Tasmanian Pulp Mill assessment process vindicated by the Federal court
The Federal court confirmed today that the Assessment of Tasmania’s proposed pulp mill was fair and reasonable and that the public had ample opportunity to state their views.
A Federal Court judge rejected the claims by the Wilderness Society and a group calling itself Investors for Tasmania’s future and dismissed their application to overturn the Commonwealth assessment process.
The Federal Court was asked to review two decisions made by the Commonwealth Minister for the Environment and Water Resources.
The first decision was to make the mill a controlled action in relation to threatened and migratory species and Commonwealth Marine Waters. The second decision was that the relevant impacts of the proposed action be assessed on preliminary documentation (eg all the documentation created under the failed RPDC process, including the Draft Integrated Impact statement, Peer reviewed reports, Supplementary information and 700 odd public submissions that had been gathered since 2004.)
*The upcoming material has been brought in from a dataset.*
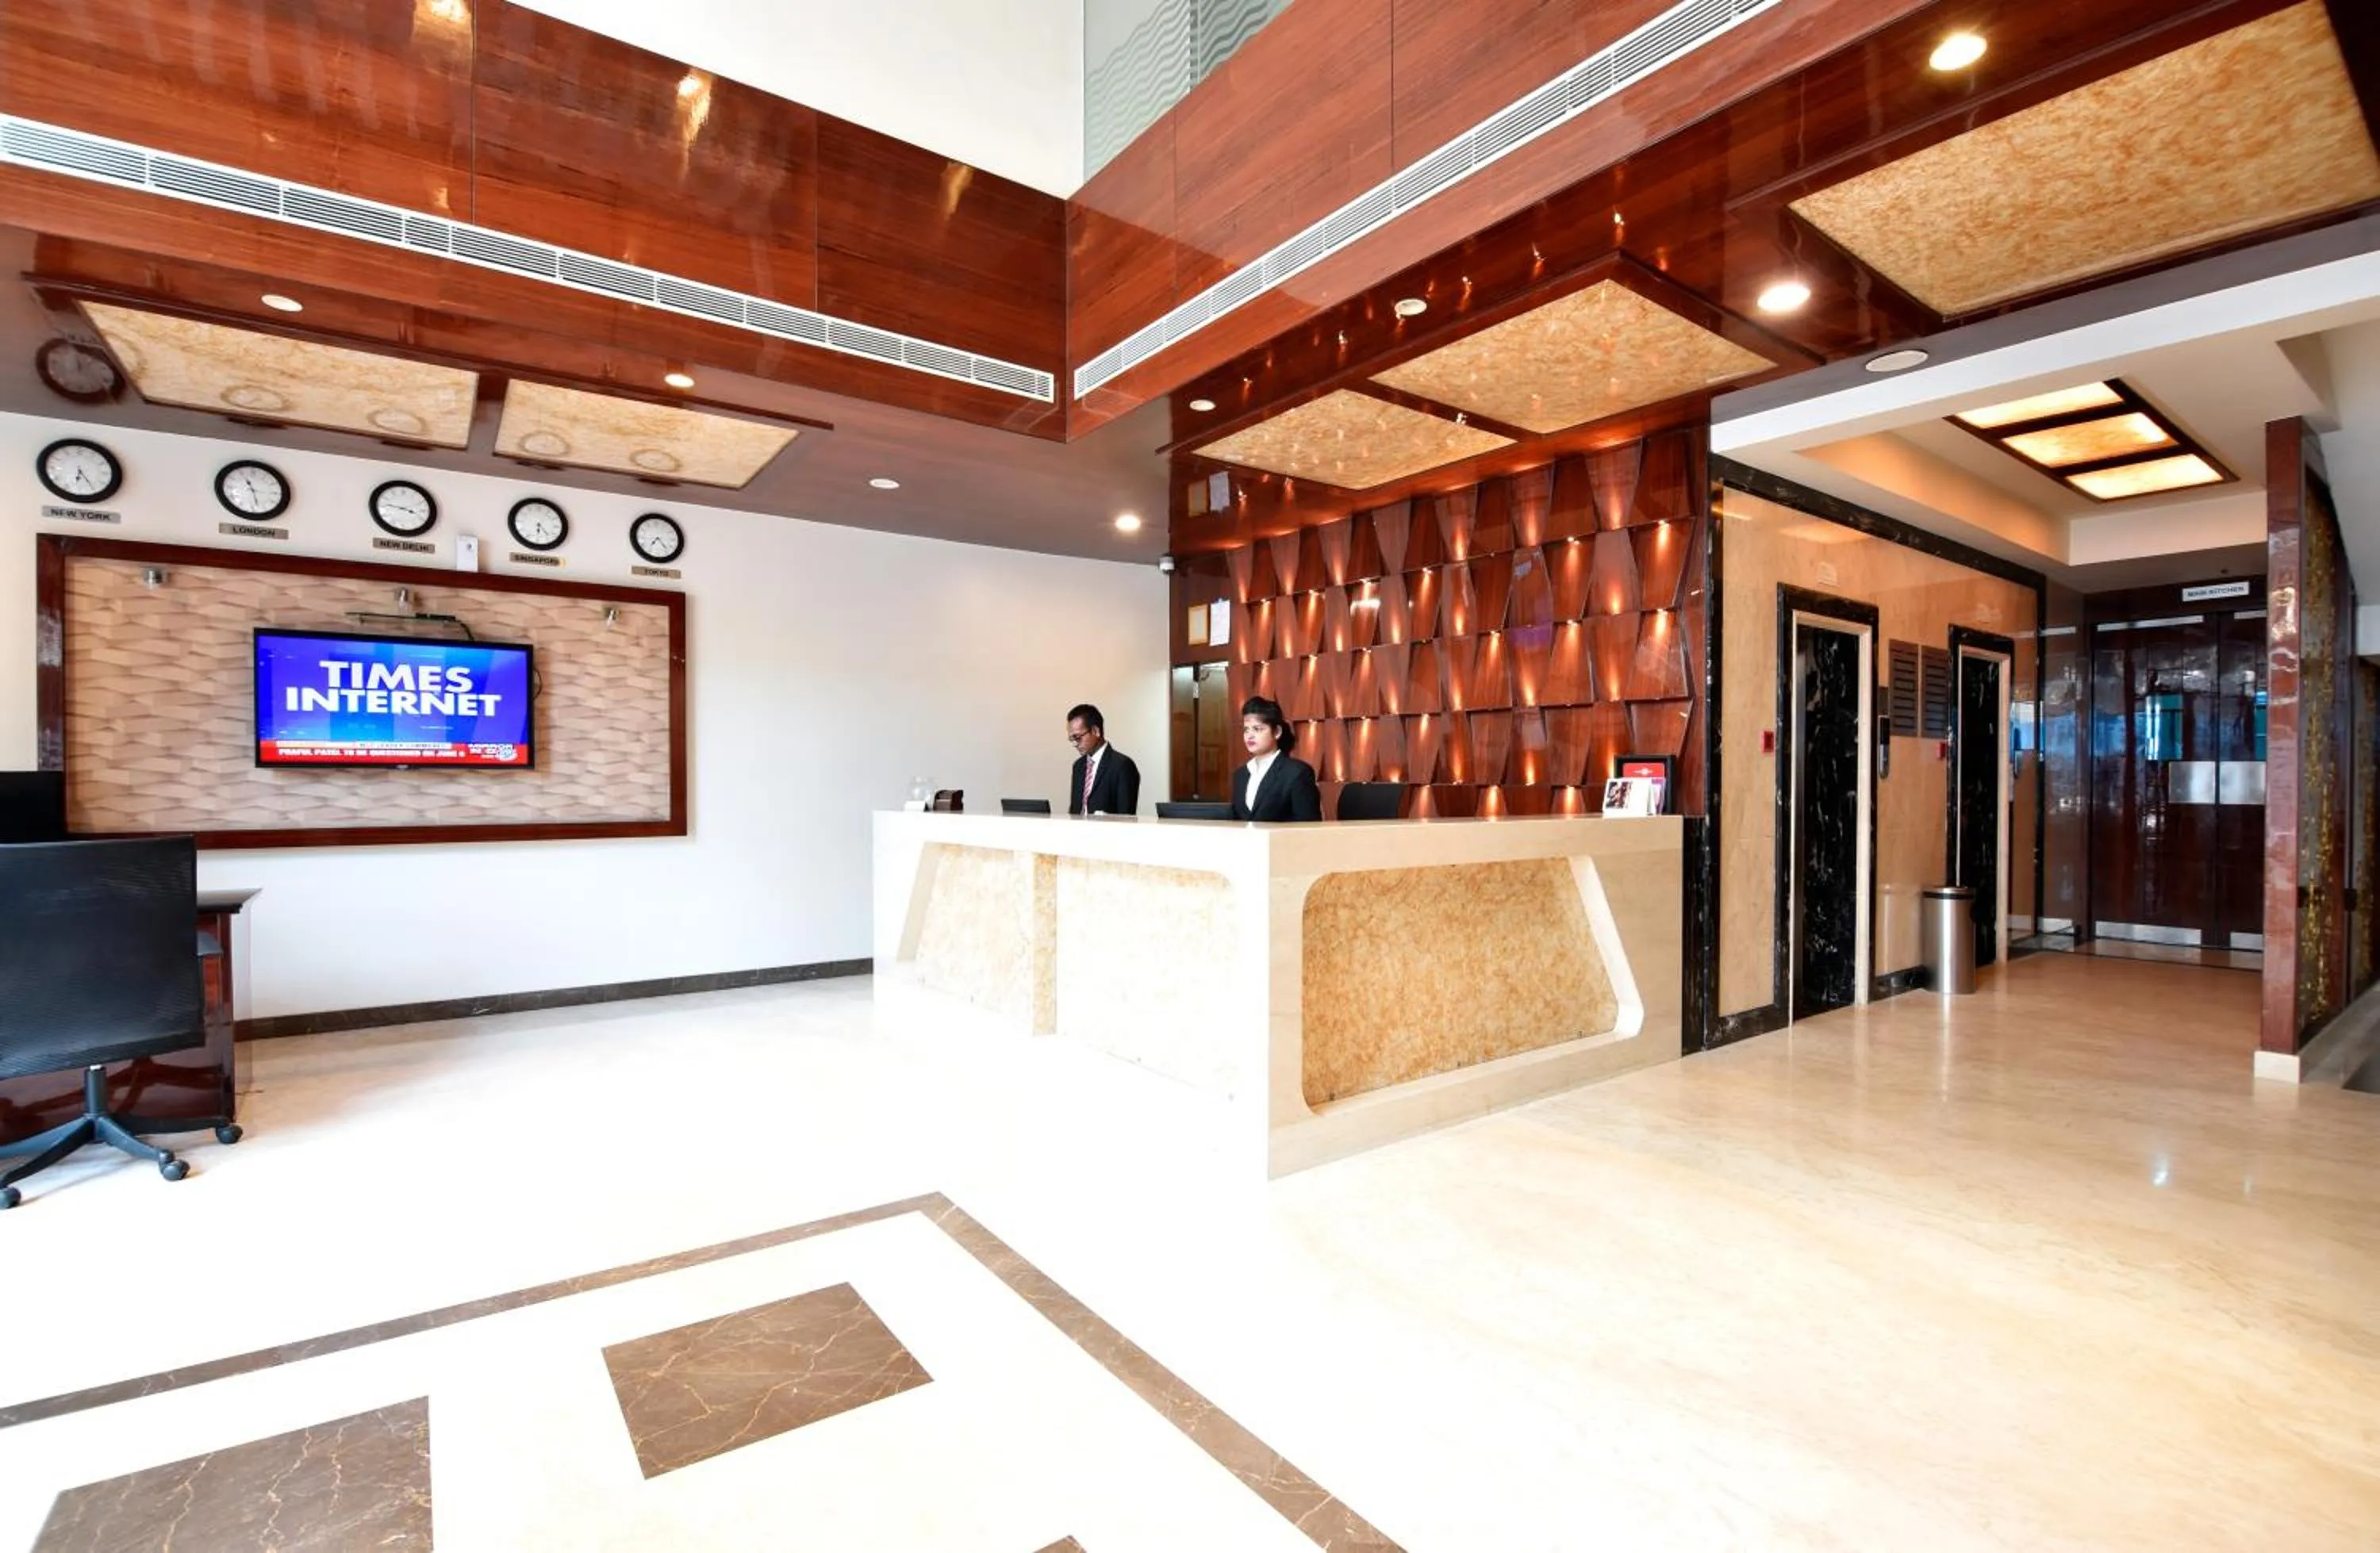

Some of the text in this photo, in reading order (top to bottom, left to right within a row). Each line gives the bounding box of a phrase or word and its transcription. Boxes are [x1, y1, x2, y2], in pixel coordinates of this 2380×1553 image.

The Wilderness Society made the following allegations:
• there is no valid referral of the proposal to support either decision;
• in making the first decision, the Minister misconstrued the EPBC Act, failed to take into account for the potential adverse impact of sourcing timber from Tasmanian forests to supply the pulp mill;
• in making the first decision, the Minister failed to consider whether the pulp mill would have or is likely to have a significant impact on the environment on Commonwealth land;
• the Minister misconstrued and/or misapplied the EPBC Act in making the second decision;
• in making the second decision, the Minister denied members of the public interested in the assessment procedural fairness;
• the second decision is invalid because it is affected by apprehended bias in the Minister;
• the second decision involved an improper exercise of power by the Minister; and
• the second decision was manifestly unreasonable.
The Investors appear to have also alleged that the Minister took into account Gunns’ commercial imperatives in making his decision.
The Federal Court rejected all allegations.
This means to me that the Assessment approach and decisions leading to it are valid.
The Judge was satisfied that the Minister acted in accordance with the Law, with fairness and without bias in making his decision on the assessment process that was demonstrably reasonable.
That there is no need to assess the impact of the mill on Tasmanian forests as these and the species of flora and fauna are protected by the Regional Forest Agreement.
That is was entirely appropriate for the Minister not to consider Commonwealth land. In relation to World Heritage Values the green groups did not even raise this as an issue, thus claims to UNESCO that WHA will be impacted are clearly unsubstantiated.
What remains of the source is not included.